I really like Valentines Day. Hearts, chocolate, red. What's not to love?
Emma and Mark and I just spent time toiling over Valentines at the kitchen table. Mark's favorite part of school is penmanship so he happily signed his name to the copious list of cousins I'd compiled for him. Emma made a very ambitious list and started out with a very ambitious confection complete with an original poem, doily and big heart with an arrow through it. She's set her sights lower now that I've told her to wrap it up...she's slapping her name on hearts to beat the band.
Valentines Day. Good times.
Where the snafus occur is with my own beloved Valentine.
On our first Valentines Day as a married couple, I promised him a fancy dinner cooked by me.
Then I had a horrific third-graders-excited-beyond-all-reason day at the school where I taught.
Then I drove through Provo, dodging earnest looking boys and men carrying balloons and flowers.
Then I talked to my sister whose husband was taking her out to dinner.
Then I talked to a friend whose boyfriend was taking her out to dinner.
Why wasn't I being taken out to dinner? (Oh yeah, because I'd told Adam I'd make him dinner.)
Where were my balloons and flowers?
I came home to find my sweet husband studying and I was hopping mad.
Thus started our sad Valentine career.
I'm sorry Adam.
Another year, Adam surprised me with tulips. I was thrilled! Tulips! So much better than cliche roses. I love tulips!
The next year I told Adam, "I hope you give me the same flowers as last year."
He got a look of panic on his face. He couldn't remember what flowers he'd bought me.
He thought maybe it was carnations so I got carnations.
Carnations.
Carnations are not equal to tulips on the flower food chain. The tulips probably don't even associate with the carnations. And I don't blame them.
I'm sorry Adam.
So Adam is a shell shocked Valentine.
This year he said, "Do you want to go out for Valentines day?"

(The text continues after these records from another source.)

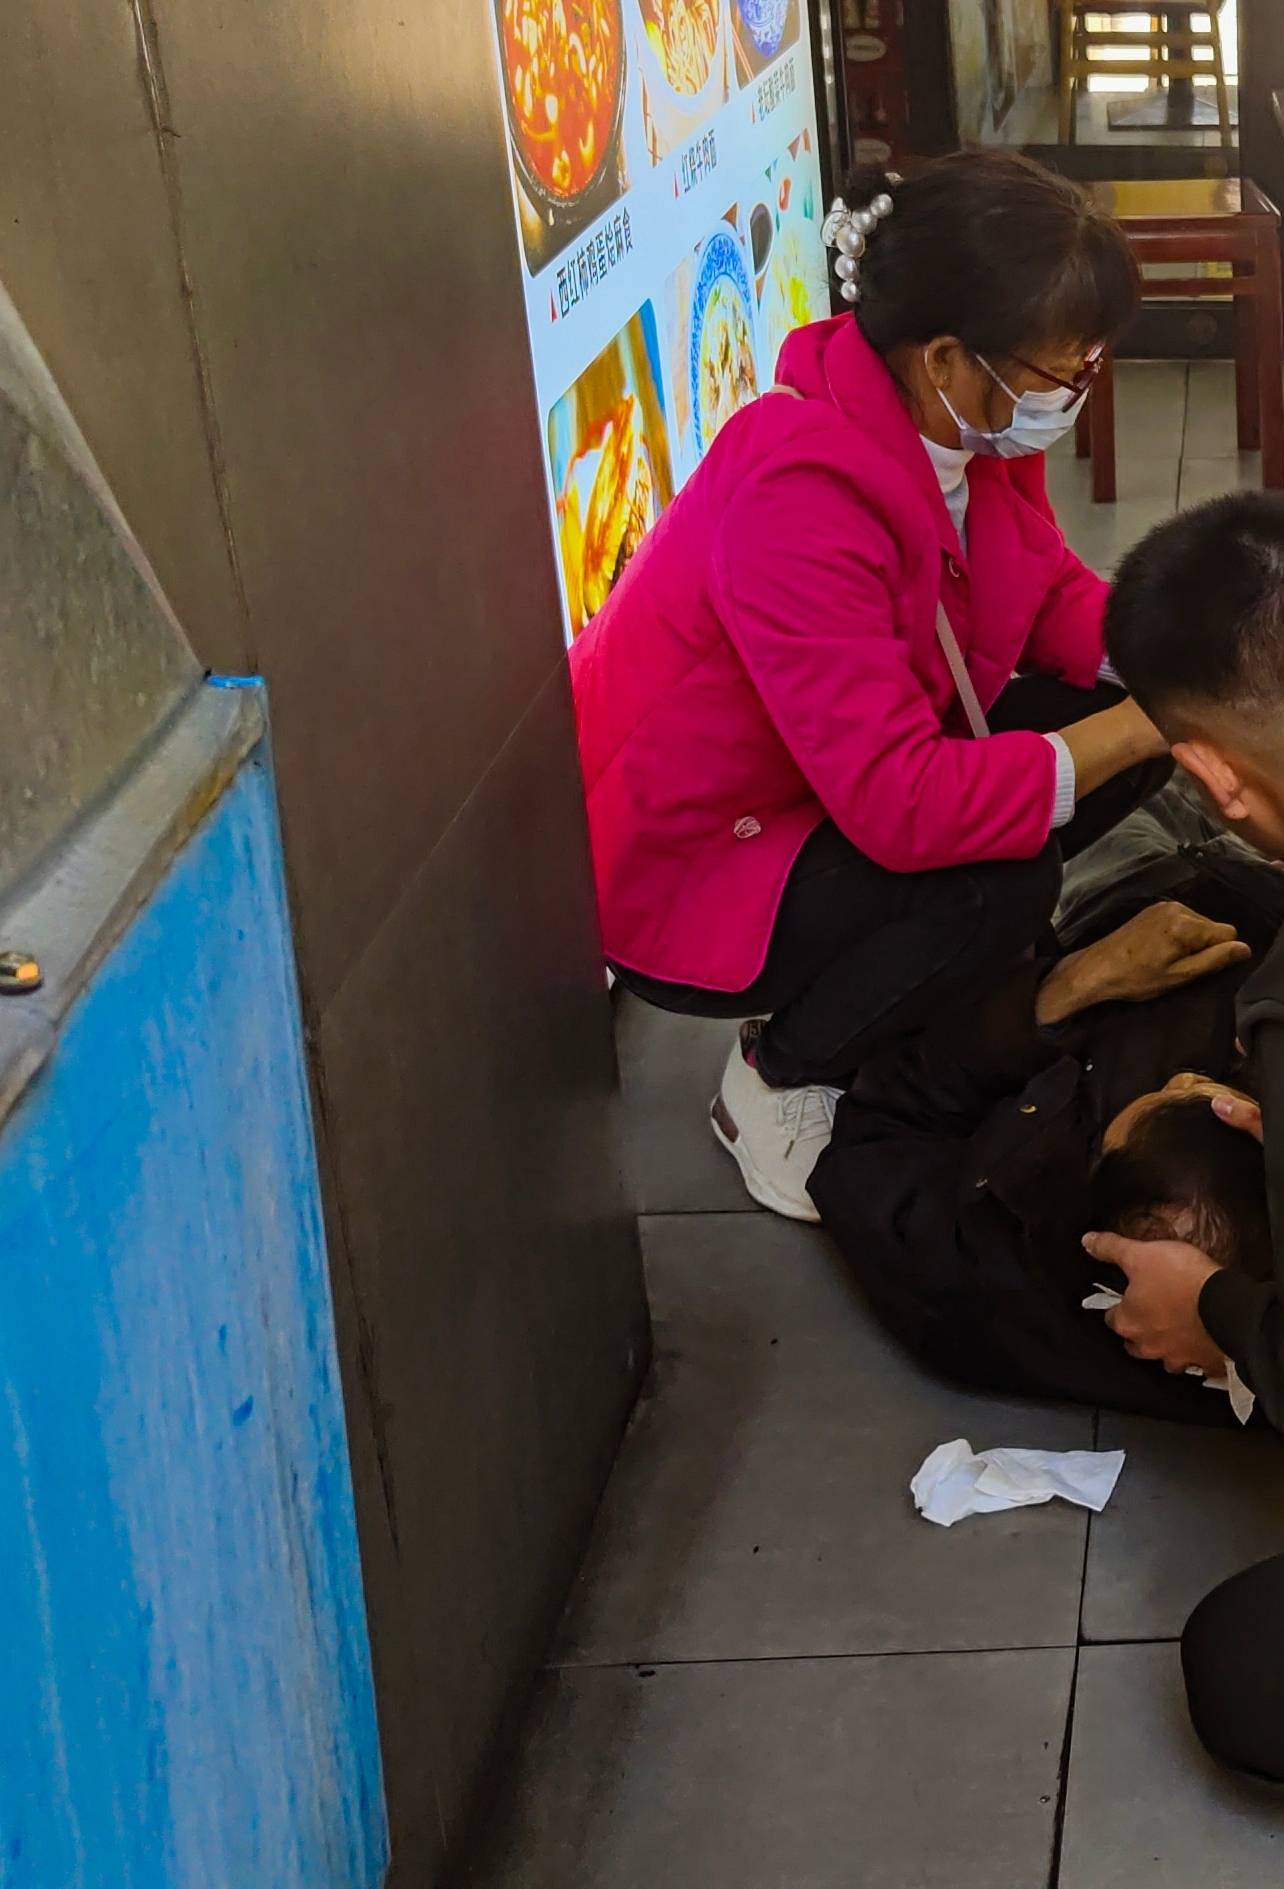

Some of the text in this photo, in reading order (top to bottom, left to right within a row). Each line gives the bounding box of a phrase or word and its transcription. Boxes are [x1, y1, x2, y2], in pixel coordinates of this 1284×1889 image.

[681, 128, 717, 193] 红烧牛肉面
[557, 206, 633, 319] 西红柿鸡蛋烩麻食
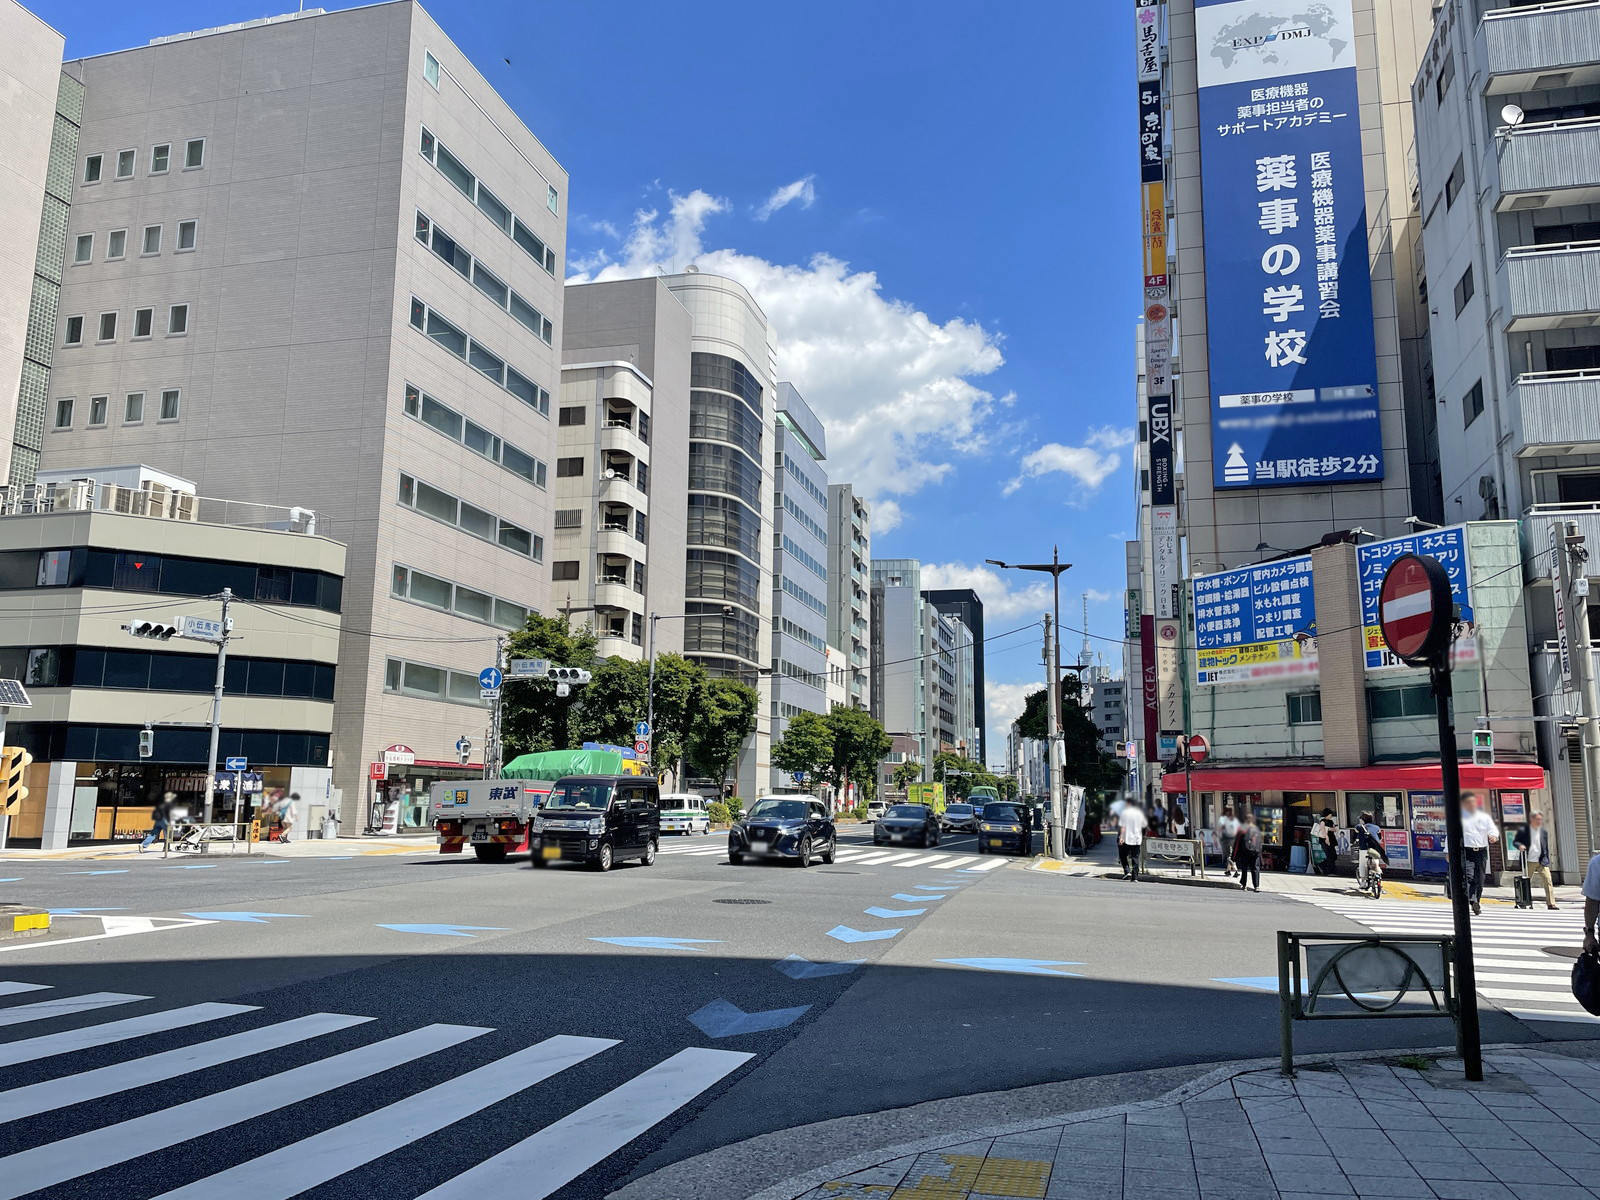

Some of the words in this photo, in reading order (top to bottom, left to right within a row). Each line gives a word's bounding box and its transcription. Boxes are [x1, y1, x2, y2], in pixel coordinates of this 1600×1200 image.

[1233, 35, 1263, 48] EXP
[1281, 28, 1311, 41] DMJ
[1141, 90, 1159, 105] 5F
[1251, 82, 1309, 102] 医療機器
[1237, 96, 1324, 119] 薬事担当者の
[1217, 112, 1347, 137] サポートアカデミー
[1310, 151, 1341, 318] 医療機器薬事講習会
[1256, 154, 1308, 368] 薬事の学校
[1148, 276, 1164, 285] 4F
[1153, 376, 1165, 385] 3F
[1239, 392, 1294, 405] 薬事の学校
[1151, 403, 1170, 443] UBX
[1155, 458, 1163, 492] STRENGTH
[1255, 454, 1380, 479] 当駅徒歩2分
[1422, 533, 1458, 550] ネズミ
[1361, 541, 1414, 562] トコジラミ
[1253, 560, 1313, 581] 管内カメラ調査
[1363, 563, 1388, 577] ノミ、
[1196, 571, 1249, 592] 貯水槽・ポンプ
[1254, 576, 1309, 595] ビル設備点検
[1254, 593, 1301, 610] 水もれ調査
[1197, 603, 1240, 619] 排水管洗浄
[1255, 608, 1302, 623] つまり調査
[188, 619, 220, 632] 小伝馬町
[1256, 624, 1294, 639] 配管工事
[514, 661, 543, 669] 小伝馬町
[1239, 652, 1277, 662] メンテナンス
[1207, 671, 1219, 682] JET
[1145, 665, 1157, 710] ACCEA
[1168, 683, 1176, 726] アカナツメ
[488, 786, 518, 800] 東武

I countered with, "Do you want to go out?"
He said, "I'm asking you aren't I?"
I said, "Are you asking me because you want to or are you asking me because you think I'll pout if you don't?"
Adam said forget it.
I said, "No no ask me again."
I'm sorry Adam.
I recognize that I'm maybe a little unhinged when it comes to Valentines day. I recognize that I usually make Adam's life difficult.
And I really love Adam and want to show him that I really love him.
And am sorry about what a pain I am.
So this year in one of the darling shops in La Conner, I bought him a Valentine.
It was wrapped in cellophane so I didn't read the inside but it looked like the ideal Valentine for my knight in shining armor, my Valentine.
Then tonight I opened it so I could write something clever inside.
It's meant to be from a man to his love.
Forget it. I think I'll go back to being bratty at Valentine's day. I might as well stick with what I know.
I'm sorry Adam.
1 comment:
That cracks me up!!! Dave's record is about like Adams. We are taking the kids to the BYU BBall game on Valentines Day, could you get more romantic?! I guess that it guarantees being in the same place, sitting next to each other (maybe even holding hands!) for over two hours....record for the Crosbys! Hope that you have a wonderful Valentine's Day...and you won't have to say "I'm sorry Adam", next year!